• _INSTRUCTIONS TO FOLLOW_: Transcribe the records below word for word, leaving every picture out.

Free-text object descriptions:
- Opening Delimiter -
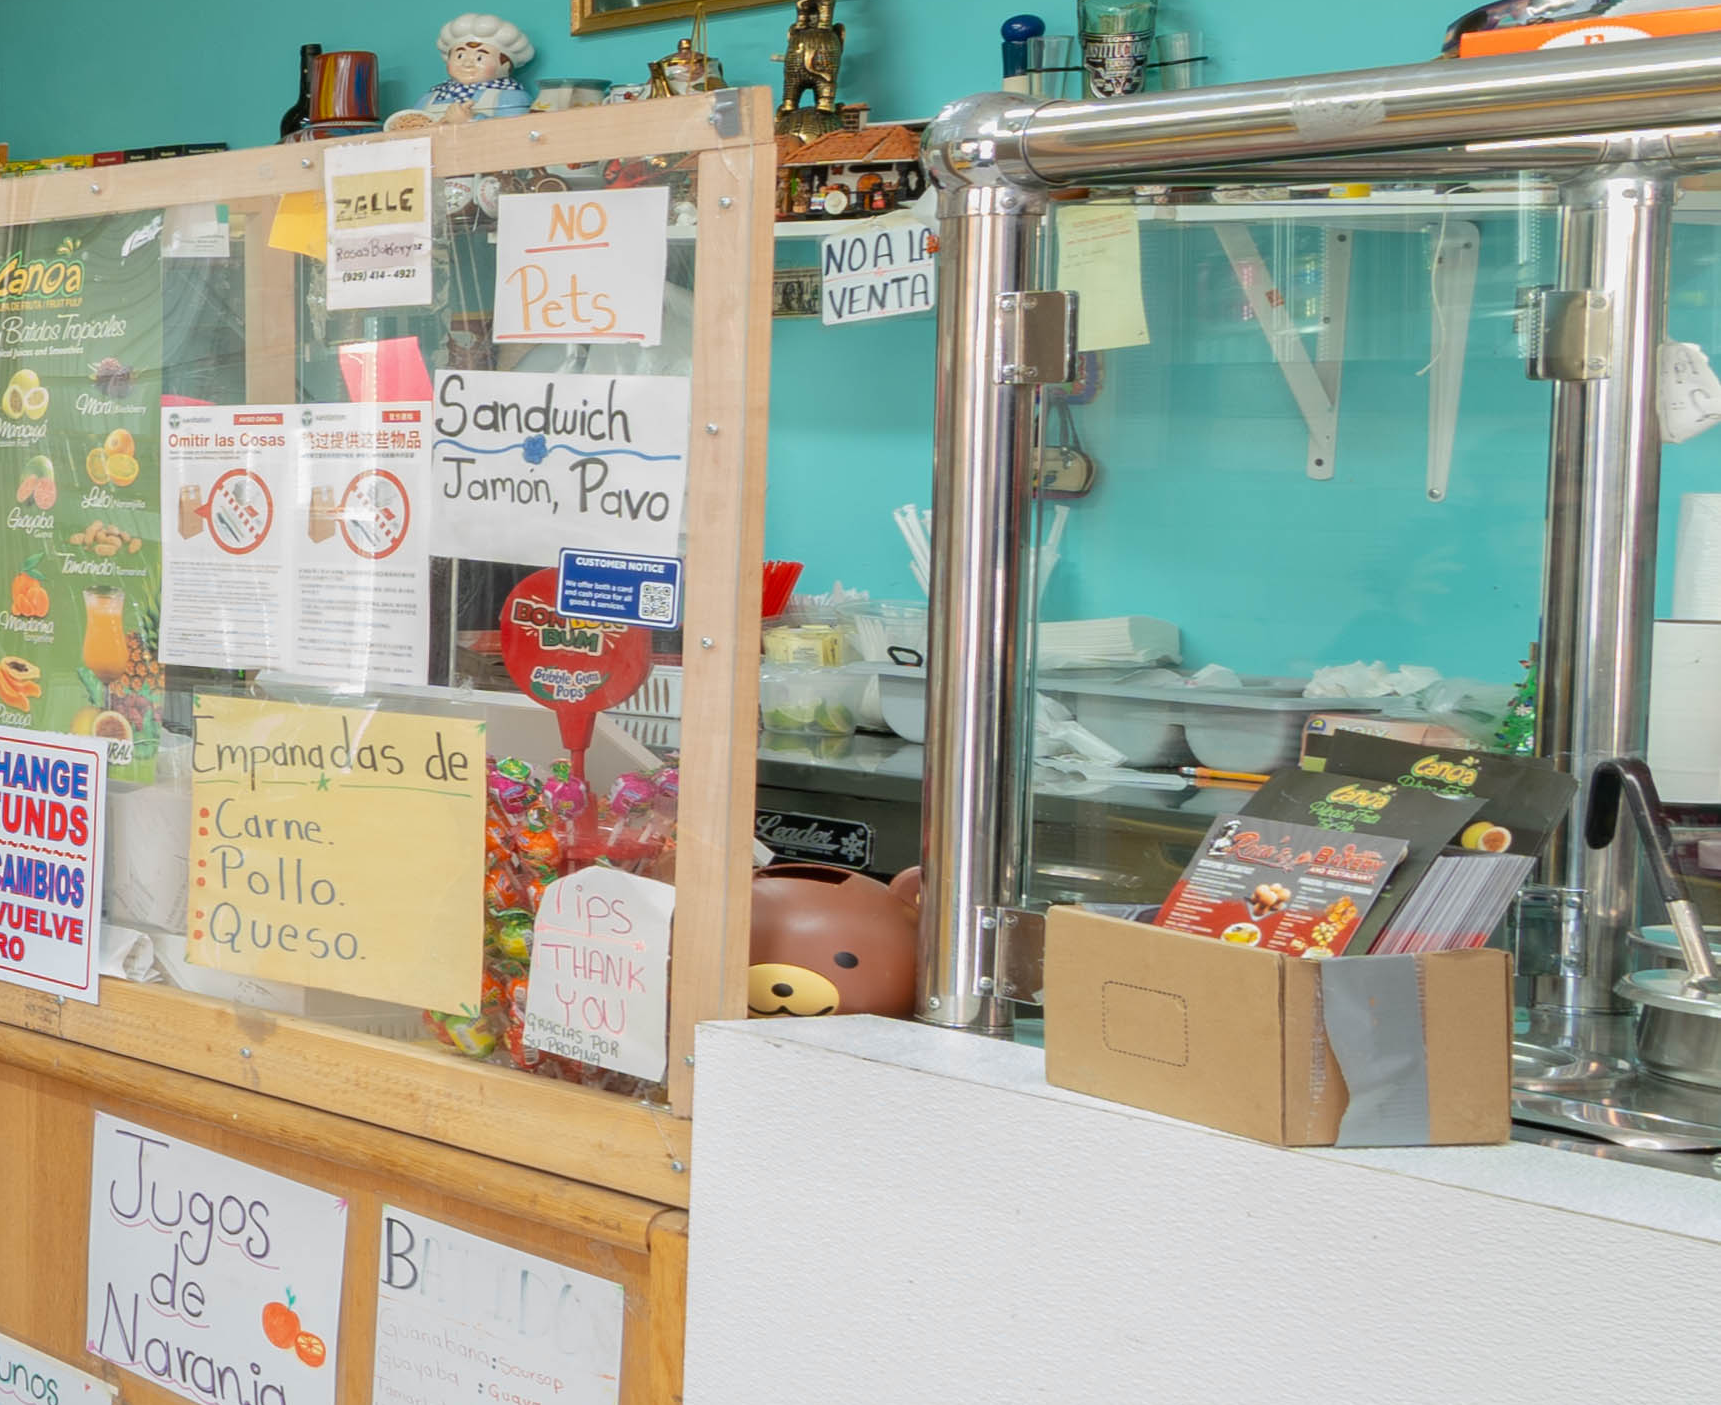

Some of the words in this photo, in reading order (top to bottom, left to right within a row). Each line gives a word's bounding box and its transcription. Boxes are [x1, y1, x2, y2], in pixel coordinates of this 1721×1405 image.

[548, 201, 608, 242] NO
[342, 270, 367, 282] (929)
[369, 269, 386, 280] 414
[394, 267, 416, 279] 4921
[824, 237, 867, 276] NO
[873, 232, 894, 268] A
[505, 264, 617, 333] Pets
[828, 273, 930, 319] VENTA
[57, 313, 127, 345] Tropicales
[76, 394, 112, 416] Mora
[435, 374, 631, 443] Sandwich
[168, 434, 210, 448] Omitir
[214, 434, 235, 447] las
[239, 433, 286, 447] Cosas
[569, 457, 670, 522] Pavo
[575, 556, 627, 570] CUSTOMER
[628, 562, 666, 574] NOTICE
[569, 599, 590, 607] goods
[597, 601, 626, 611] services.
[578, 581, 593, 589] offer
[594, 582, 611, 591] both
[617, 584, 634, 593] card
[578, 590, 593, 598] cash
[594, 592, 611, 600] price
[612, 593, 622, 601] for
[542, 628, 600, 653] BUM
[533, 668, 572, 685] Bubble
[575, 671, 600, 685] Gum
[556, 685, 585, 700] Pops
[192, 715, 404, 792] Empanadas
[425, 731, 469, 781] de
[1413, 754, 1479, 786] Canoa
[1326, 784, 1391, 810] Canoa
[215, 798, 334, 845] Carne.
[756, 814, 836, 847] Leader
[210, 845, 345, 906] Pollo.
[209, 902, 366, 960] Queso.
[541, 943, 646, 994] THANK
[555, 983, 626, 1034] YOU
[526, 1013, 584, 1044] GRACIAS
[590, 1034, 619, 1058] POR
[548, 1037, 601, 1065] PROPINA
[110, 1129, 271, 1266] Jugos
[150, 1243, 206, 1318] de
[377, 1344, 460, 1386] Guayaba
- Closing Delimiter -
• _WRITTEN RESPONSE_:
Some of the words in this photo, in reading order (top to bottom, left to right within a row). Each line gives a word's bounding box and its transcription. Boxes are [x1, y1, x2, y2], in pixel coordinates of this 1721×1405 image.

[548, 201, 608, 242] NO
[342, 270, 367, 282] (929)
[369, 269, 386, 280] 414
[394, 267, 416, 279] 4921
[824, 237, 867, 276] NO
[873, 232, 894, 268] A
[505, 264, 617, 333] Pets
[828, 273, 930, 319] VENTA
[57, 313, 127, 345] Tropicales
[76, 394, 112, 416] Mora
[435, 374, 631, 443] Sandwich
[168, 434, 210, 448] Omitir
[214, 434, 235, 447] las
[239, 433, 286, 447] Cosas
[569, 457, 670, 522] Pavo
[575, 556, 627, 570] CUSTOMER
[628, 562, 666, 574] NOTICE
[569, 599, 590, 607] goods
[597, 601, 626, 611] services.
[578, 581, 593, 589] offer
[594, 582, 611, 591] both
[617, 584, 634, 593] card
[578, 590, 593, 598] cash
[594, 592, 611, 600] price
[612, 593, 622, 601] for
[542, 628, 600, 653] BUM
[533, 668, 572, 685] Bubble
[575, 671, 600, 685] Gum
[556, 685, 585, 700] Pops
[192, 715, 404, 792] Empanadas
[425, 731, 469, 781] de
[1413, 754, 1479, 786] Canoa
[1326, 784, 1391, 810] Canoa
[215, 798, 334, 845] Carne.
[756, 814, 836, 847] Leader
[210, 845, 345, 906] Pollo.
[209, 902, 366, 960] Queso.
[541, 943, 646, 994] THANK
[555, 983, 626, 1034] YOU
[526, 1013, 584, 1044] GRACIAS
[590, 1034, 619, 1058] POR
[548, 1037, 601, 1065] PROPINA
[110, 1129, 271, 1266] Jugos
[150, 1243, 206, 1318] de
[377, 1344, 460, 1386] Guayaba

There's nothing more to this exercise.